**ACTION ITEM**
Without the pictures, write out every entry that follows exactly.

----- MATERIAL TO PROCESS

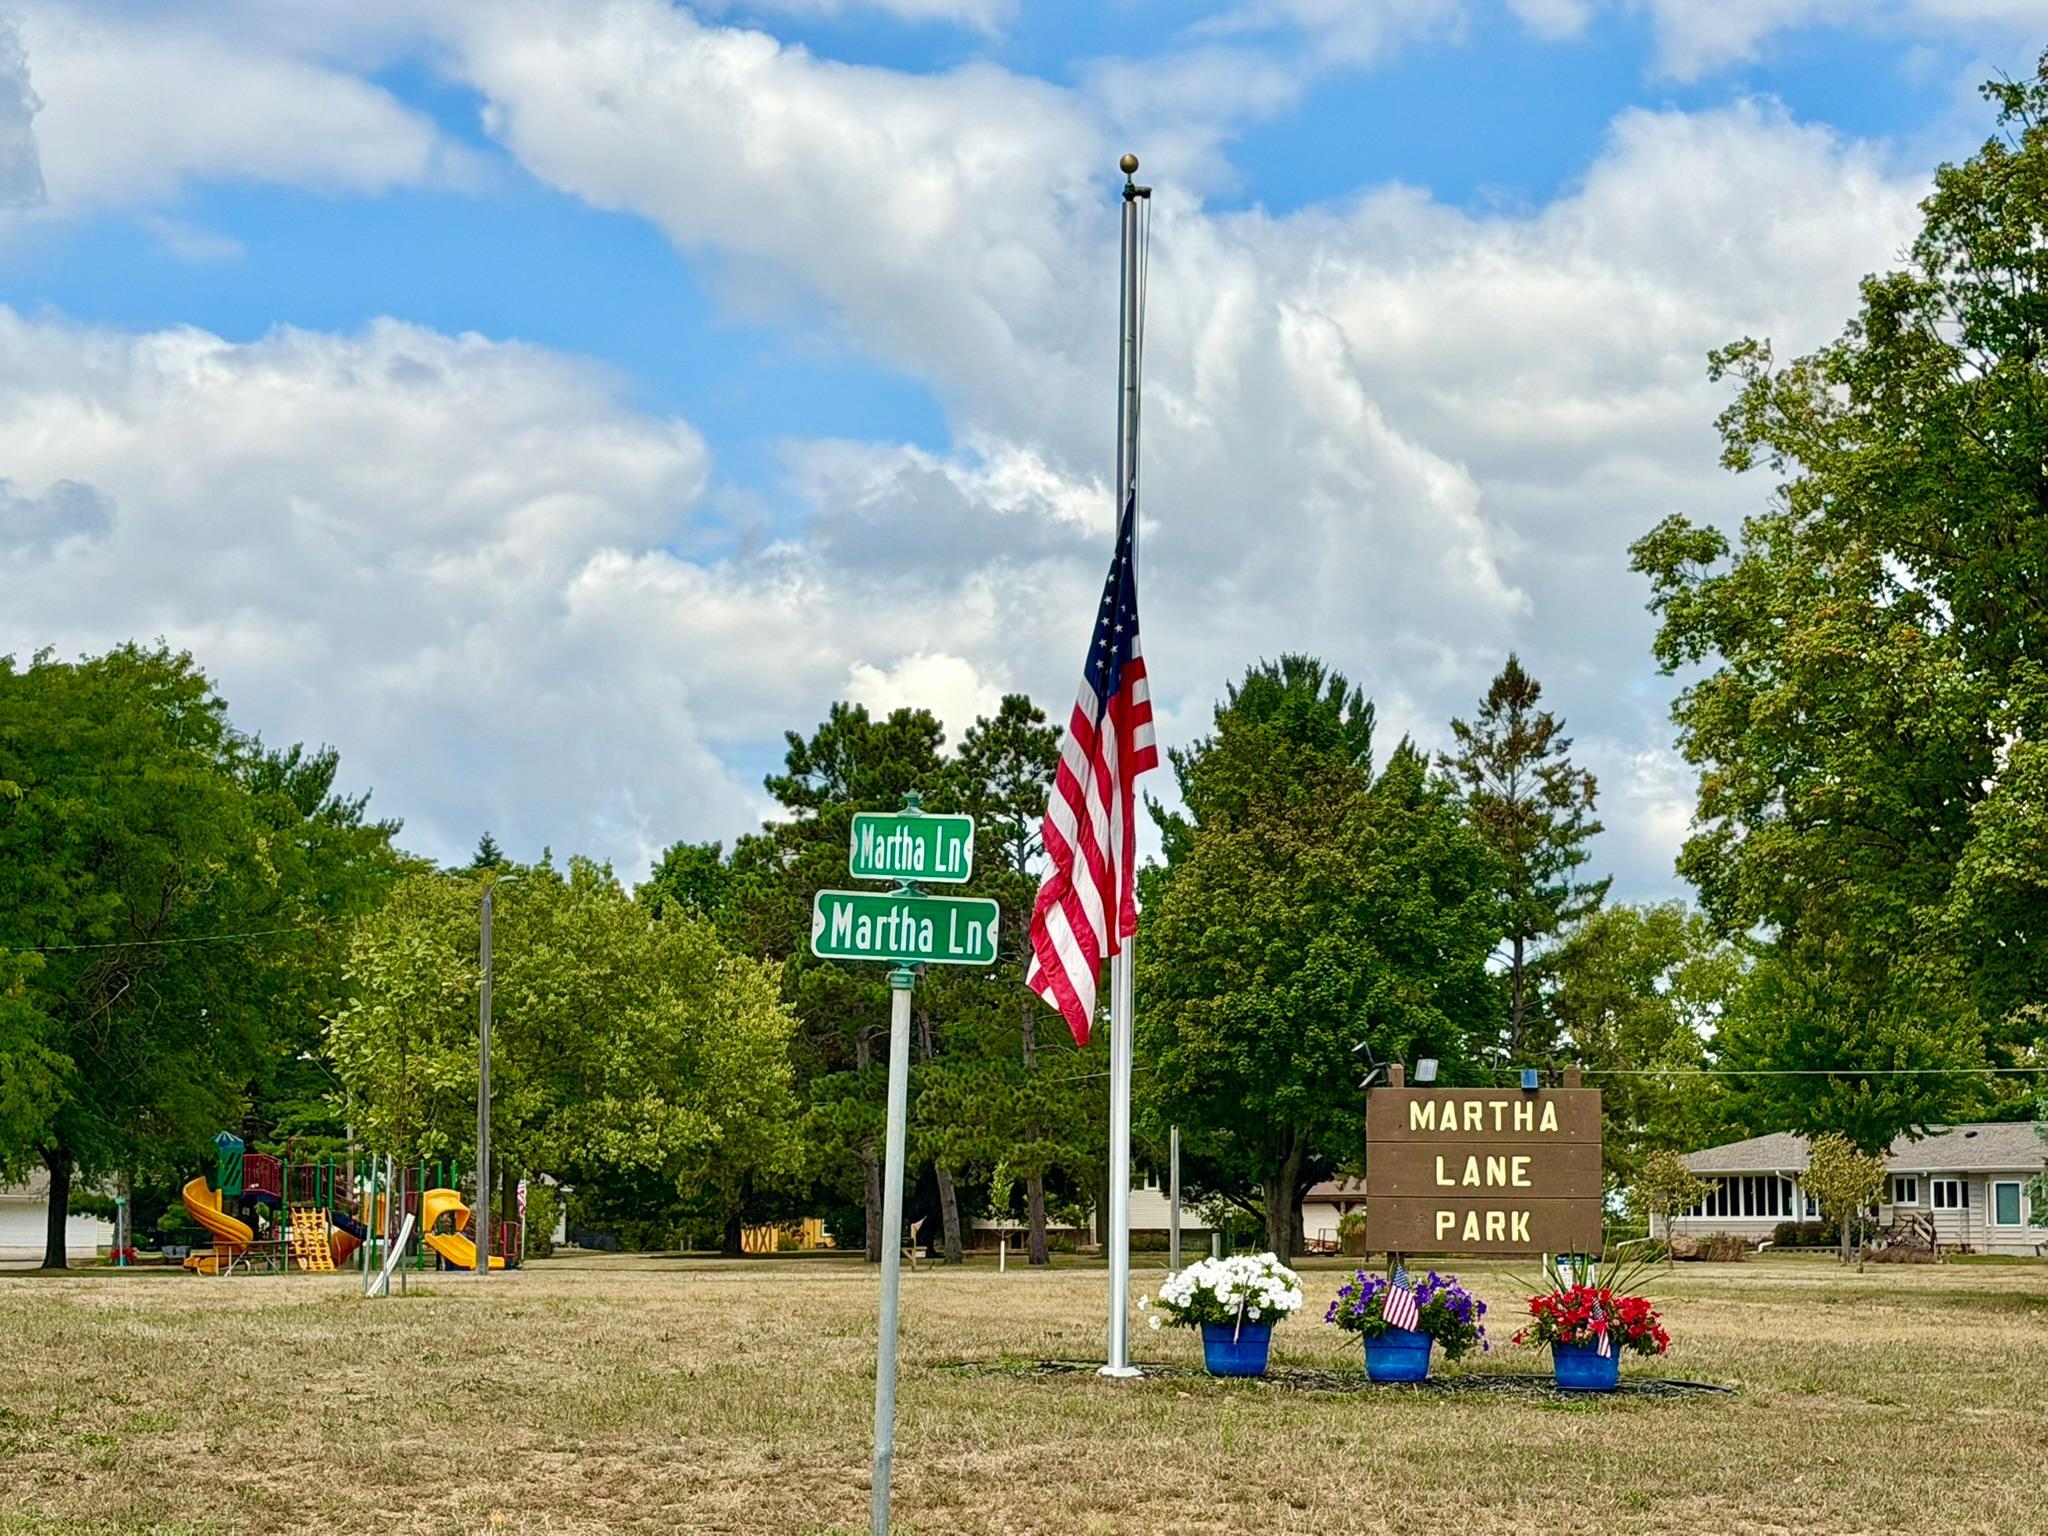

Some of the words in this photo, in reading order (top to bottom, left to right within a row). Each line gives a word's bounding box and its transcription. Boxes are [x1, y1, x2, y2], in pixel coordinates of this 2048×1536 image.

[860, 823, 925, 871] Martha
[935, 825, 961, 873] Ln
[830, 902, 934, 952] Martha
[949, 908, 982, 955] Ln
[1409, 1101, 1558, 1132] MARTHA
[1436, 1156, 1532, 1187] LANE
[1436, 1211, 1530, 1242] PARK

----------

**OUTPUT OF THE EXERCISE**
Some of the words in this photo, in reading order (top to bottom, left to right within a row). Each line gives a word's bounding box and its transcription. Boxes are [x1, y1, x2, y2], in pixel coordinates of this 2048×1536 image.

[860, 823, 925, 871] Martha
[935, 825, 961, 873] Ln
[830, 902, 934, 952] Martha
[949, 908, 982, 955] Ln
[1409, 1101, 1558, 1132] MARTHA
[1436, 1156, 1532, 1187] LANE
[1436, 1211, 1530, 1242] PARK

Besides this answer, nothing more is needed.